On the Road Again

I'm laying low this weekend as I prepare for another early Monday morning flight out of SFO. I'm off to Detroit, a city I've never visited unless you count layovers at the airport and I'm actually really fired up! While others seem to want to get as far away as possible from the former Motor City, I've been curious and fascinated by the happenings there over the past decade. I'm not sure how many people read the news anymore, but Detroit's population has shrunk by over thirty percent over the last twenty years due to the region's struggling economy. The bustling metropolis that was home to over a million people in the late nineties is now well under 700,000 inhabitants and apparently has loads of vacant housing. That may not interest you, but for people like me who are obsessed with New York in the late seventies, or who spent time in Berlin shortly after the millennium, there's a certain entrepreneurial energy that tends to form in money vacuums exactly like Detroit's. Artists can live cheaply, as can young people with new ideas looking to make an impact. As I read in one article recently, "you can come to Detroit and really make a difference." 

I've definitely purchased a few American-made items from Detroit out of support for that movement, including a pair of Shinola watches that I adore. I should also mention that the best American horror film of this generation came out of Detroit a few years back, utlizing the vibe and atmosphere of the city to utter perfection:

...and I will definitely have the brilliant Disasterpeace soundtrack on my playlist as we touch down Monday afternoon. 

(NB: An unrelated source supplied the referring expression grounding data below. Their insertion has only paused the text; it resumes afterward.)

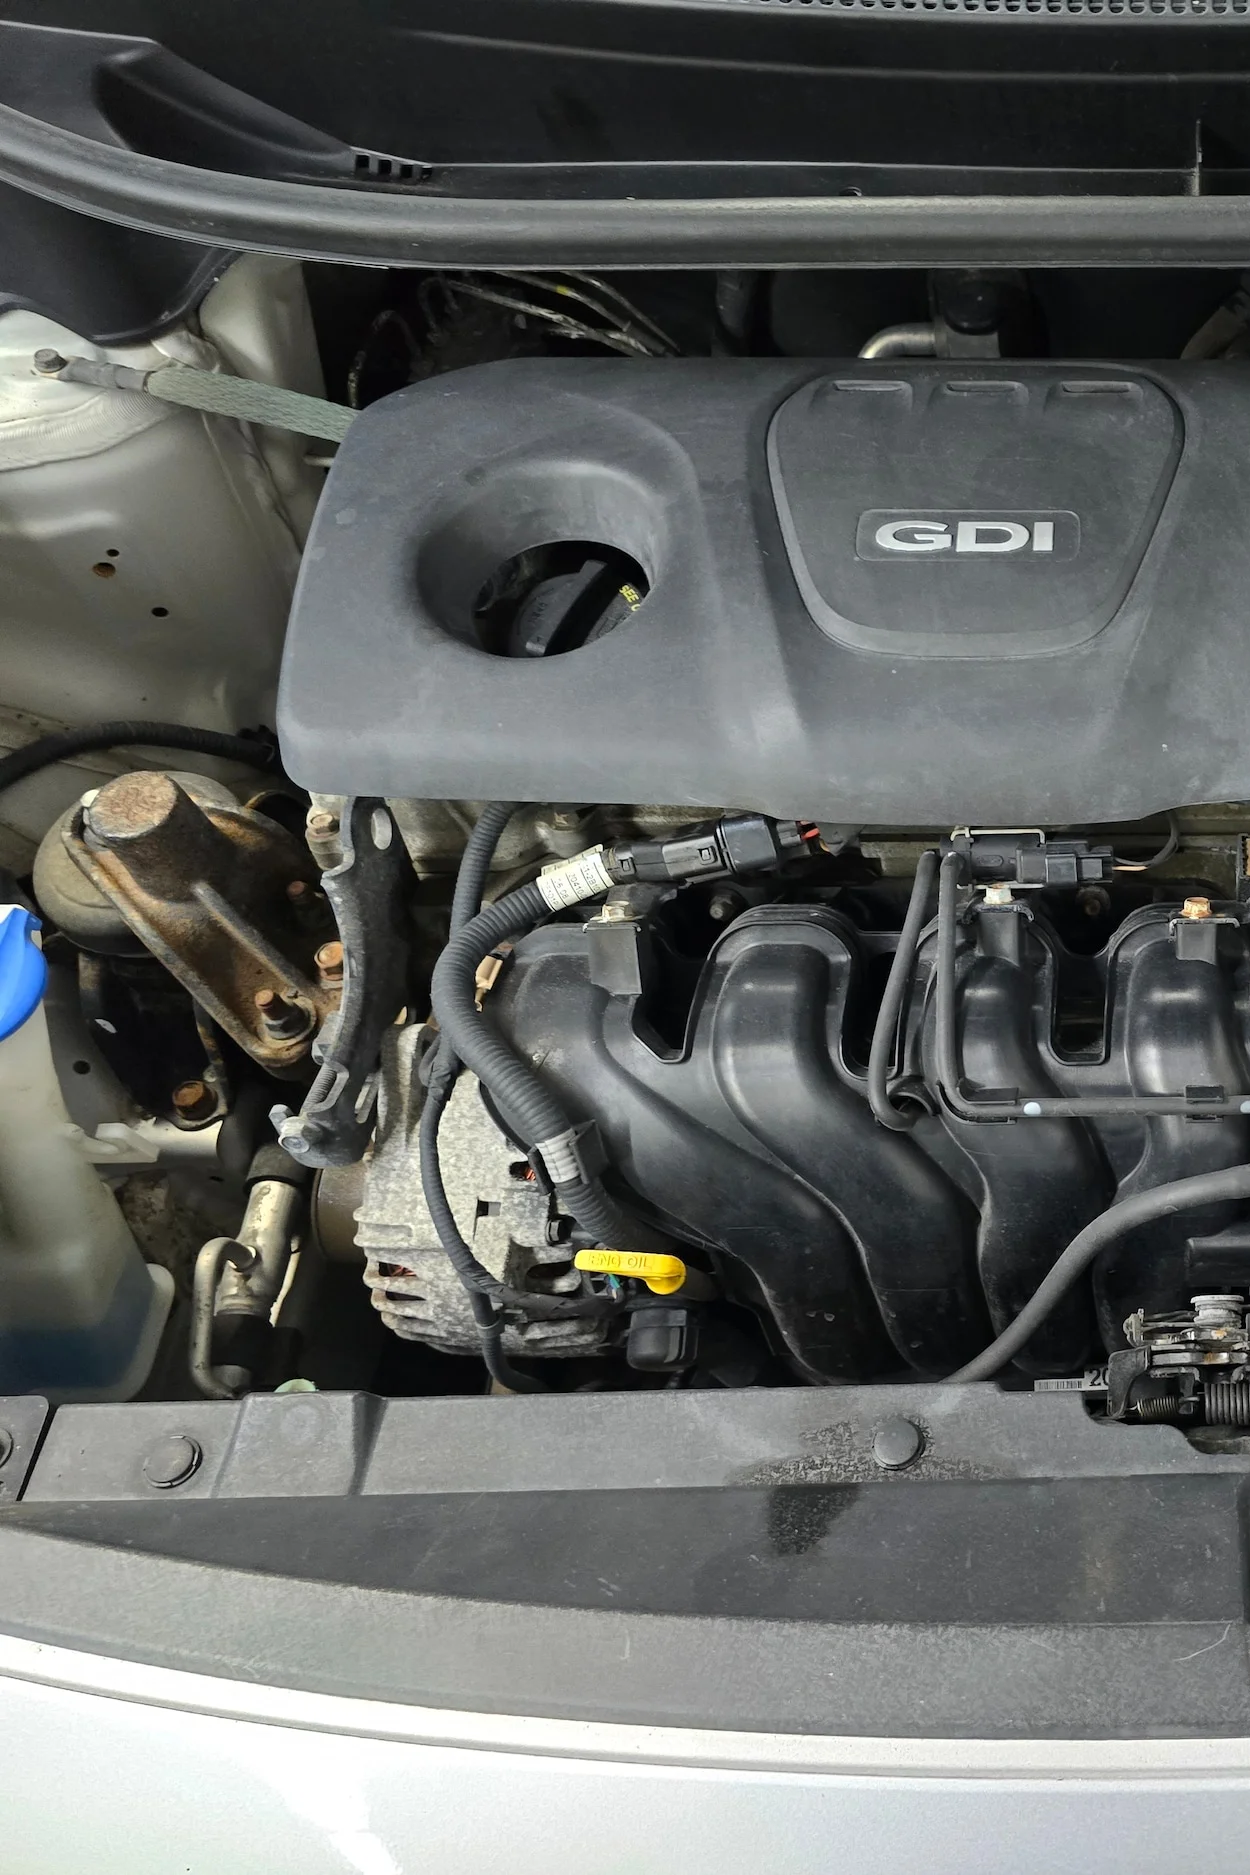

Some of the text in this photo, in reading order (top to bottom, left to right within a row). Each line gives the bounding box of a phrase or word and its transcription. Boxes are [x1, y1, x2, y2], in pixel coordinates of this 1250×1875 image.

[875, 519, 1054, 553] GDI
[618, 584, 640, 603] SEE
[627, 1255, 653, 1269] OIL
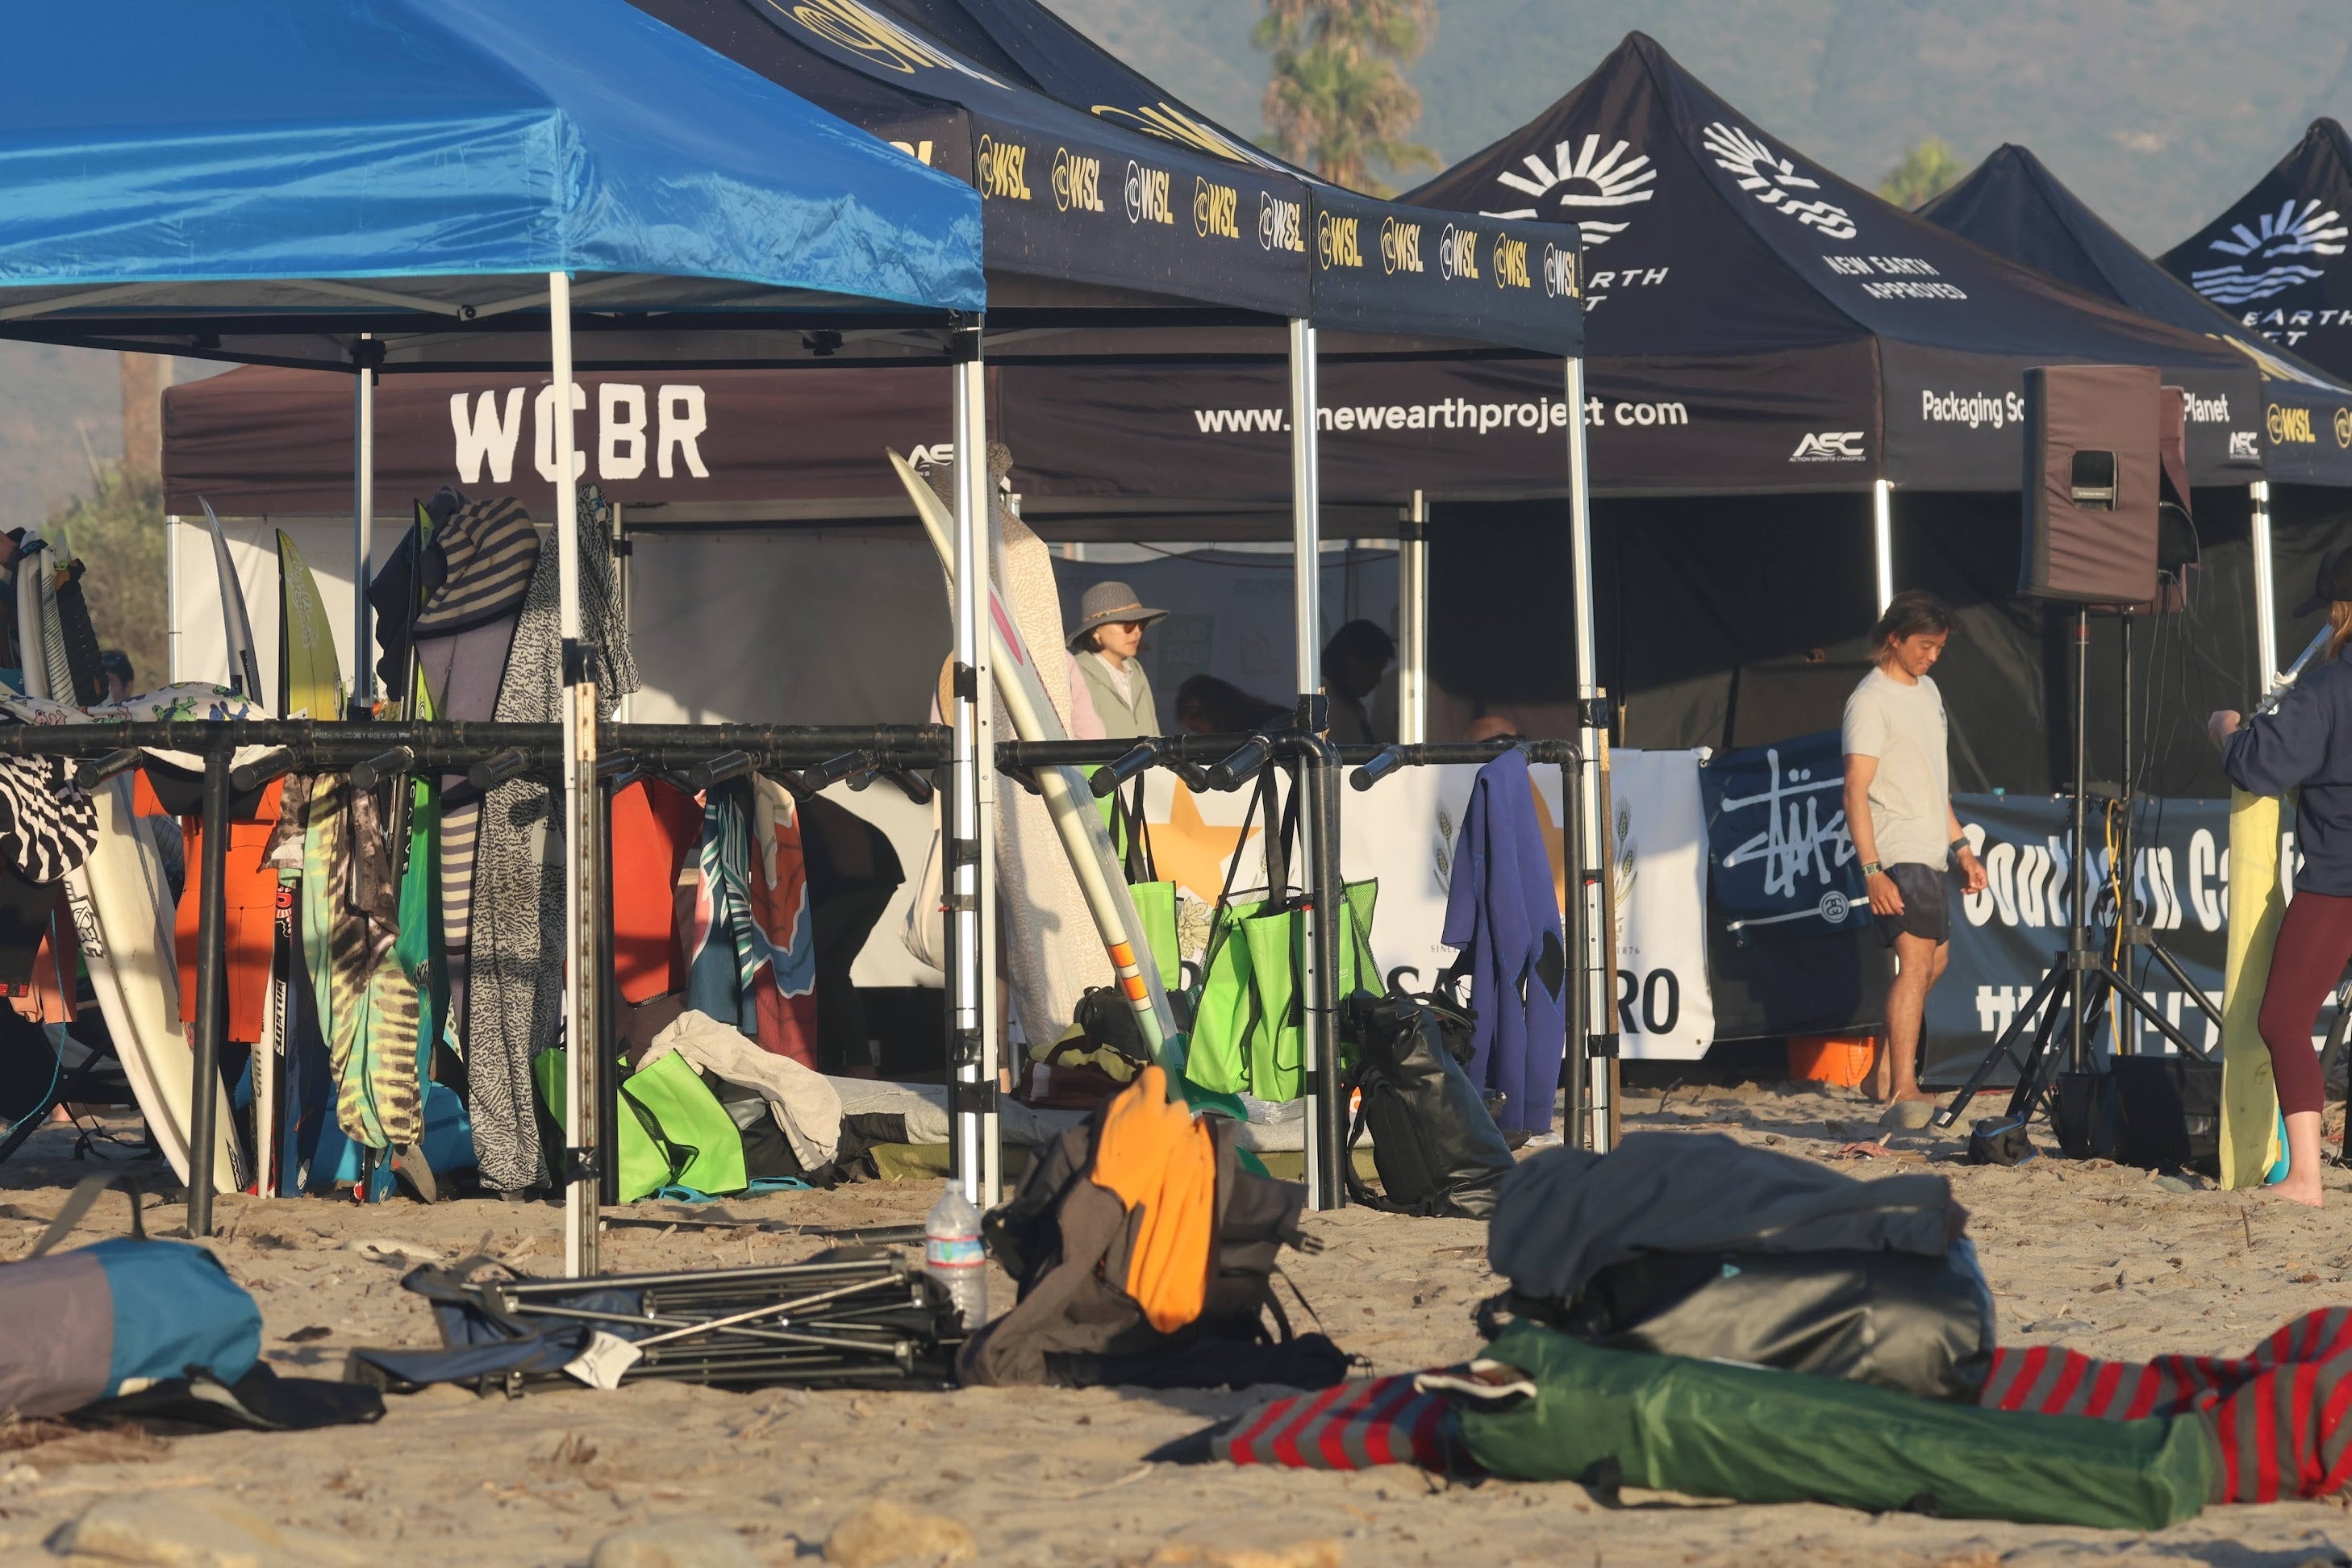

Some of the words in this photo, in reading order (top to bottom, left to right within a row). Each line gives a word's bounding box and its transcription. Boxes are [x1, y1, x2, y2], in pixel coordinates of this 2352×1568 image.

[993, 143, 1031, 200] WSL
[1070, 155, 1104, 212] WSL
[1141, 168, 1174, 224] WSL
[1209, 183, 1239, 239] WSL
[1273, 199, 1305, 252] WSL
[1332, 217, 1363, 267] WSL
[1395, 223, 1424, 273] WSL
[1453, 230, 1479, 279] WSL
[1506, 240, 1531, 288] WSL
[1823, 256, 1875, 275] NEW
[1869, 256, 1940, 276] EARTH
[1555, 249, 1579, 298] WSL
[1588, 267, 1669, 289] RTH
[1862, 282, 1968, 300] APPROVED
[1922, 390, 2004, 429] Packaging
[2183, 392, 2230, 423] Planet
[2282, 408, 2316, 443] WSL
[449, 382, 710, 484] WCBR

Needless to say, I'm very, very interested in getting my first look at Detroit and forming some of my own opinions, rather than relying on what I read and hear from others. Hopefully I'll have some time to post a few of those thoughts here.

But, I have to say I'm not really going to Detroit just to visit Detroit. I'm going to Detroit because it's just across the river from a distillery I've wanted to visit for some time now: Canada's Hiram Walker facility in Windsor, Ontario, the home of Lot 40 rye whiskey and numerous other delicious Canadian products like Wiser's 18 year, easily my favorite Canadian whisky. I still wholeheartedly believe that Lot 40 is the best rye whiskey for the money on the market today, and has been since it's initial launch a few years back (that is if you actually like to drink whiskey rather than sip a thimble-sized sampling once a month from one of hundreds of various bottles in search of the ultimate complexity). It's so round and supple for a rye, yet it doesn't skimp on real rye flavor and concentration. You can drink it all night long and never get tired of it. It's always showing you something new, and the price today is also much more affordable. 

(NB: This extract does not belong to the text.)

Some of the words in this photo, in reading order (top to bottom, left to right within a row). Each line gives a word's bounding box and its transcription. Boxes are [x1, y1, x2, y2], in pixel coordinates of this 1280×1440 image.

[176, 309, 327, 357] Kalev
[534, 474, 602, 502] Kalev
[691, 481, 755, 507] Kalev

While I've conducted interviews with Hiram Walker's distiller and other experts in the field like Davin de Kergommeaux, easily the spirit's fighting champion, we've never seen a large interest in Canadian whisky here at K&L because I think most people can't shed the stigma of Crown Royal. What I'm hoping to finally do with my first-hand accounts is convince at least a small percentage of our shoppers that Hiram Walker is indeed one of the few overlooked and underrated major whiskey distilleries left. Canadian whisky on the whole is one of the few whisky genres where you can still "make an impact." You can still find a number of the best representatives for cheap! Like Detroit, it's been utterly abandoned by the masses of millennial whiskydom and presents a number of investment opportunities for those looking outside the box.

That interests me. The whole idea of budding cultures and burgeoning movements is far more interesting than the apex of any pop culture phenomenon. Shopping for old rye or Bourbon today is like looking for a penthouse in Manhattan or San Francisco, but I've heard you can buy a house in Detroit for about $10,000. That's what some guys pay for a bottle of Pappy 23!

In any case, I'll be live from Motor City starting Monday.